Hay un barco en miniatura en algún lugar del espléndido despacho que tiene Antoine Gallimard en la editorial que su abuelo Gaston fundó hace ahora un siglo.
Están, también, los libros de la Pléiade, la colección intachable de clásicos que esta editorial "que condiciona el juicio literario francés", como recoge Pierre Assouline en su monumental biografía del fundador.
Y está, claro, la atmósfera que el mismo Antoine, al frente de este transatlántico de la cultura europea, ha creado para seguir haciendo de Gallimard un faro editorial del siglo XX dispuesto a surcar una navegación dificilísima, la de los retos oceánicos del siglo XXI. Él está dispuesto, dice.
Es marinero; a veces, dice Gustavo Guerrero, responsable de la línea hispanoamericana -tan importante en Gallimard-, Antoine deja este despacho, que está al lado de su casa, donde le fotografió Daniel Mordzinski, y se va por esos mares, solitario, a leer, a recargar su manual de instrucciones para llevar adelante este barco.
"El libro digital permite una gran flexibilidad. Es una oportunidad para enriquecer el catálogo y mantener los libros vivos"
"En Francia tenemos la suerte de contar con muy buenos libreros, al contrario que en el Reino Unido, donde han desaparecido"
Ante este marinero nos sentamos, en ese despacho sobrio desde cuyas paredes nos mira la Pléiade.
Pregunta. ¿Cómo ve un gran editor el porvenir del libro?
Respuesta.

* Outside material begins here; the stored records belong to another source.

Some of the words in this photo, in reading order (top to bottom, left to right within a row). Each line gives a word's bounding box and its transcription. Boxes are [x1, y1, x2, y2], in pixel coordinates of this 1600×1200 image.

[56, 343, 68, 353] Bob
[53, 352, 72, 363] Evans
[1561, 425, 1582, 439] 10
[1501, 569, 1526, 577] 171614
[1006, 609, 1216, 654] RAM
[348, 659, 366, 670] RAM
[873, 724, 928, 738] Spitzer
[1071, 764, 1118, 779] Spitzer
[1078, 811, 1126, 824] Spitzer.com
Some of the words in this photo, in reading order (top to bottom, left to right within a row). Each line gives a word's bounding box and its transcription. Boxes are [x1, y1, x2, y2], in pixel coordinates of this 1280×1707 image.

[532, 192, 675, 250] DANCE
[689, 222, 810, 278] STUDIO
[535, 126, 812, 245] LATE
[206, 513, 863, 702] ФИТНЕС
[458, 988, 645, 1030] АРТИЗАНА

En primer lugar, no hay grandes editores sino, simplemente, editores, ya sean grandes o pequeños. No me preocupa el lugar del libro en el futuro. Estoy seguro de que seguirá siendo extremadamente importante. El libro digital, lejos de suponer el fin del libro, es una nueva oportunidad para este. Un libro no es simplemente una alineación de caracteres, una maquetación, unos capítulos..., y el libro digital no hace más que añadir un cuerpo nuevo, un peso nuevo al libro tradicional. El libro digital, como la fotografía, permite una gran flexibilidad: diferentes formatos, reimpresiones limitadas. Por lo tanto, es una oportunidad para enriquecer el catálogo y mantener los libros vivos. Creo que el porvenir del libro depende a la vez de los editores y de los autores. Para ejercer este oficio no solo hay que amar la literatura, sino también a los escritores y a la gente, al público. Es un oficio que surge del afán de compartir, a través del libro, universos secretos. Vargas Llosa lo dijo muy bien en su discurso del Nobel: "Cuento historias para hacer que la vida sea mejor". Siempre necesitaremos historias para mejorar la vida. Por eso creo que el libro tiene un brillante porvenir.

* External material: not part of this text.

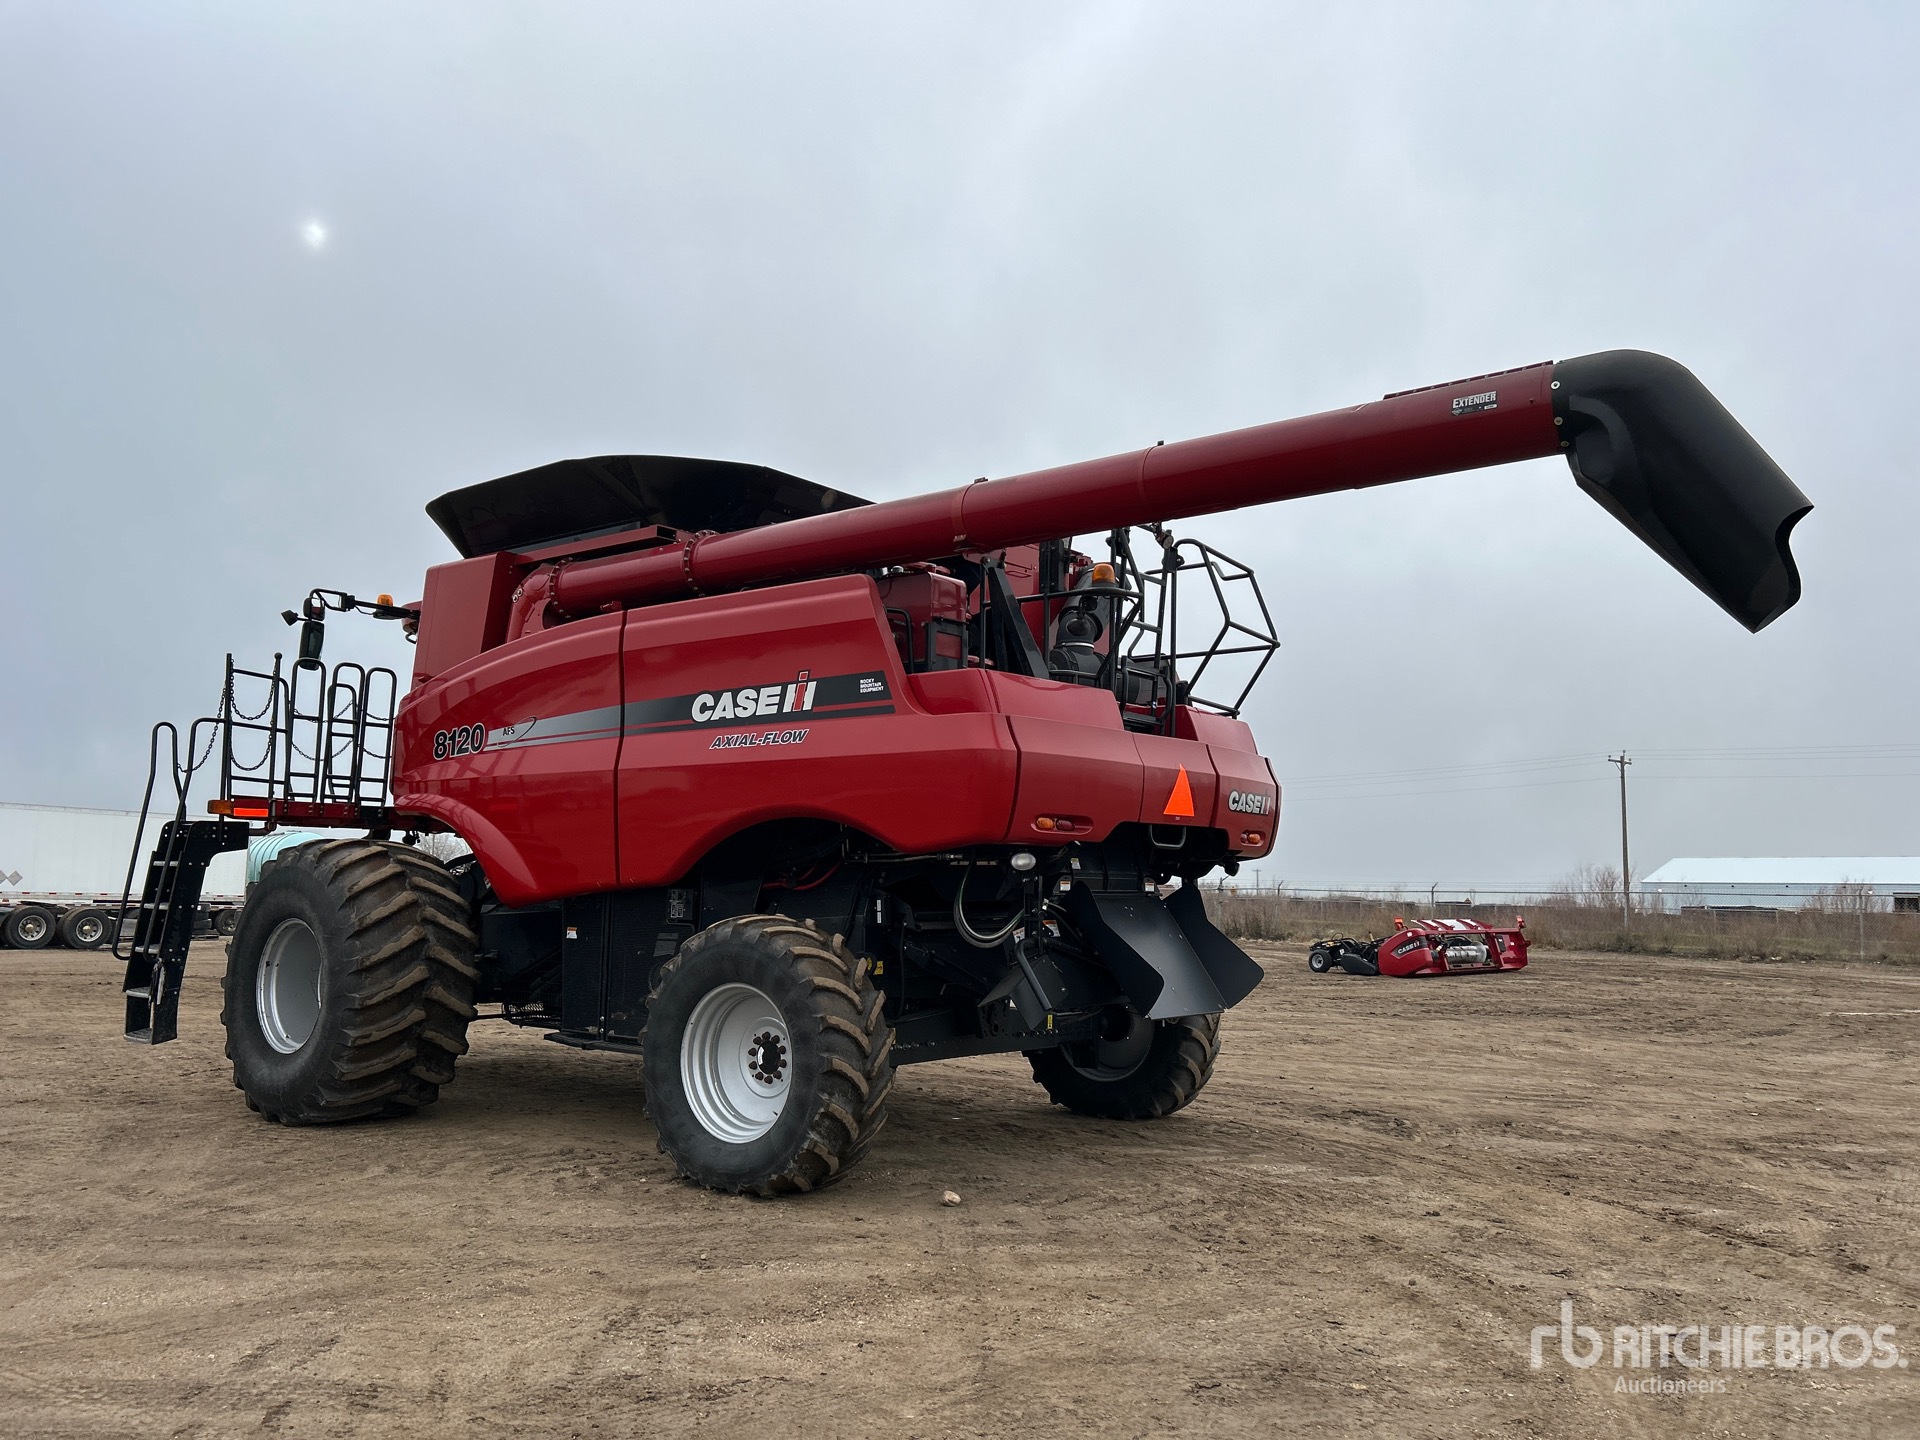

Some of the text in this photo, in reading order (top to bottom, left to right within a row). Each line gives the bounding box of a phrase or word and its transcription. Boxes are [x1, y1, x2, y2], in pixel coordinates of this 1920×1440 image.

[1452, 393, 1497, 409] EXTENDER
[433, 722, 486, 760] 8120
[502, 726, 515, 737] AFS
[708, 728, 810, 750] AXIAL-FLOW

P. ¿Es usted optimista desde hace tiempo? ¿O desde el momento en que todo el mundo ha empezado a ser pesimista?
R. Creo que hay que ser voluntariamente optimista. Lo que más me ha preocupado en los últimos años no ha sido la aparición del libro digital, sino una nueva manera de buscar satisfacción en las comunidades adolescentes, que han sumado al tiempo dedicado a la televisión toda una plétora de actividades y prácticas sociales en Internet, de manera que cada vez disponen de menos tiempo para leer.

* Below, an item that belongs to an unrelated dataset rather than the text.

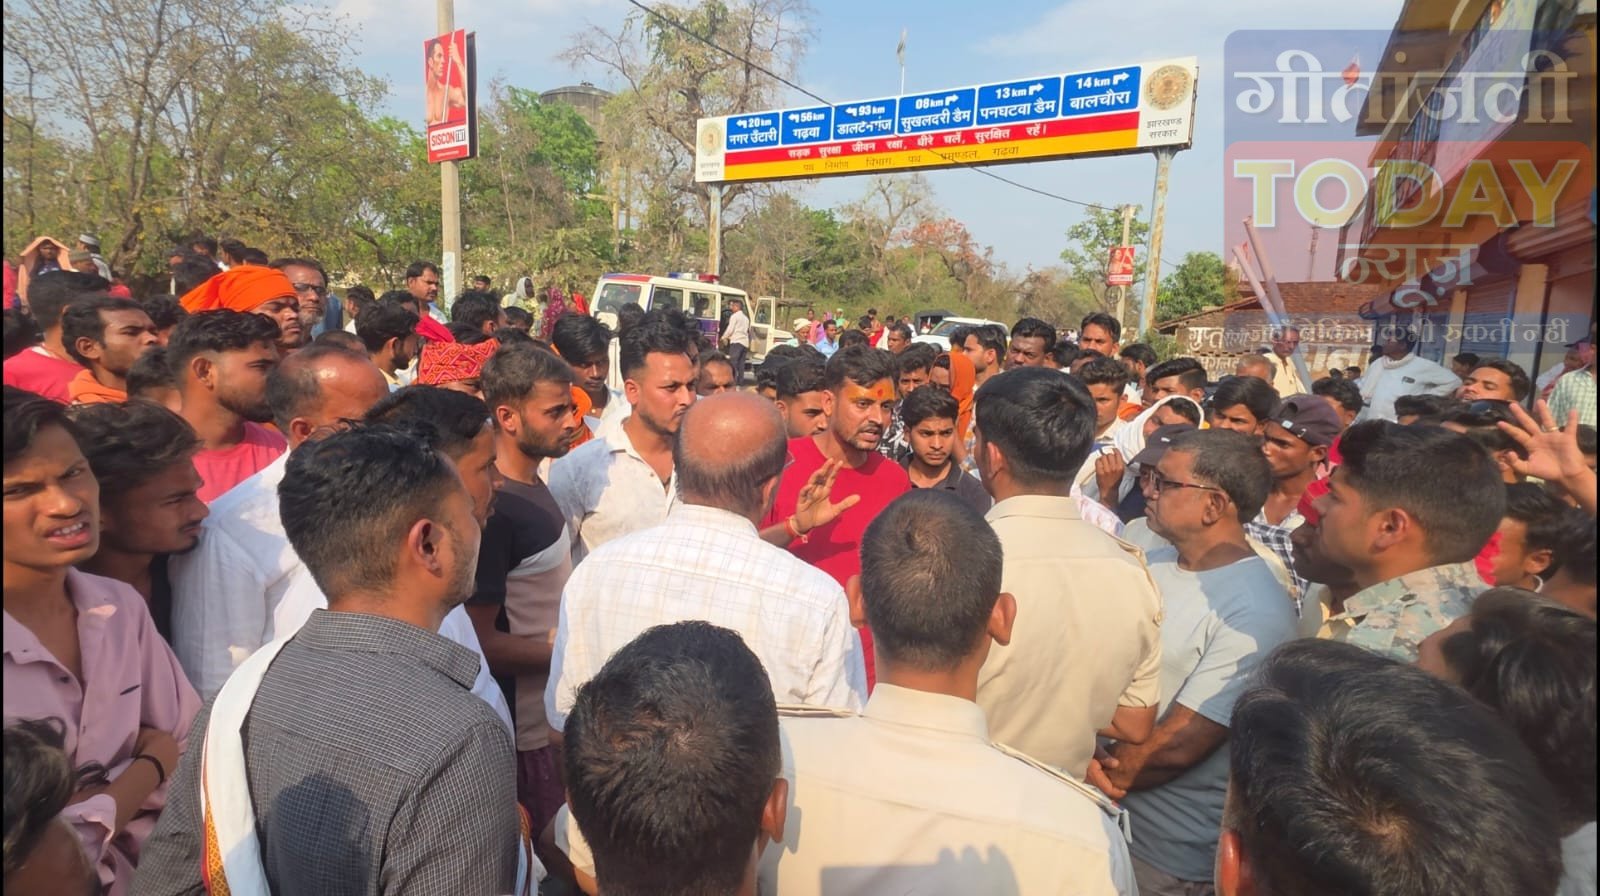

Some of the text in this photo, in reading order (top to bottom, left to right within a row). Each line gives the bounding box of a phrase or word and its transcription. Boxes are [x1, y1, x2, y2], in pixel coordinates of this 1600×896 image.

P. ¿Y es posible que los jóvenes vuelvan a los libros?
R. Siempre es difícil protegerse de las dificultades de la vida. Están ahí, hay que afrontarlas. La cuestión sería saber si nuestra civilización del gusto por la lectura, por toda esa cultura de lo escrito que hemos heredado de nuestros antepasados, va a sufrir una especie de regreso a la Edad Media y a convertirnos en monjes en sus monasterios o, al contrario, vamos a saber dirigirnos al gran público. No hay que temer la desaparición de un cierto tipo de lector: sigue habiendo escritores muy exigentes, como Javier Marías en España, con un gran éxito de ventas. Pero también ha habido una gran distancia entre escritores como Borges u Octavio Paz y la literatura que "llega" al gran público. No hay fatalidad en estas cosas. Podríamos preguntarnos si ese gran público va a dedicarse exclusivamente a Facebook o va a seguir leyendo. Yo estoy convencido de que seguirá habiendo lectores. La literatura siempre ha sido algo precioso: extremadamente frágil y, a la vez, asombrosamente resistente. No, no hay que temer su desaparición, ya la hemos visto sobrevivir al surgimiento de los nuevos medios de comunicación; pero tampoco debemos esperar que se extienda. Se ha vertido mucha tinta sobre la evolución del mundo editorial hacia el mundo de los negocios, sobre cómo editoriales como Planeta, Hachette o Bertelsmann han ido comprando y vendiendo otras empresas: pero estos grandes movimientos de capital no tienen relación propiamente dicha con el mundo del libro, con la cultura del libro.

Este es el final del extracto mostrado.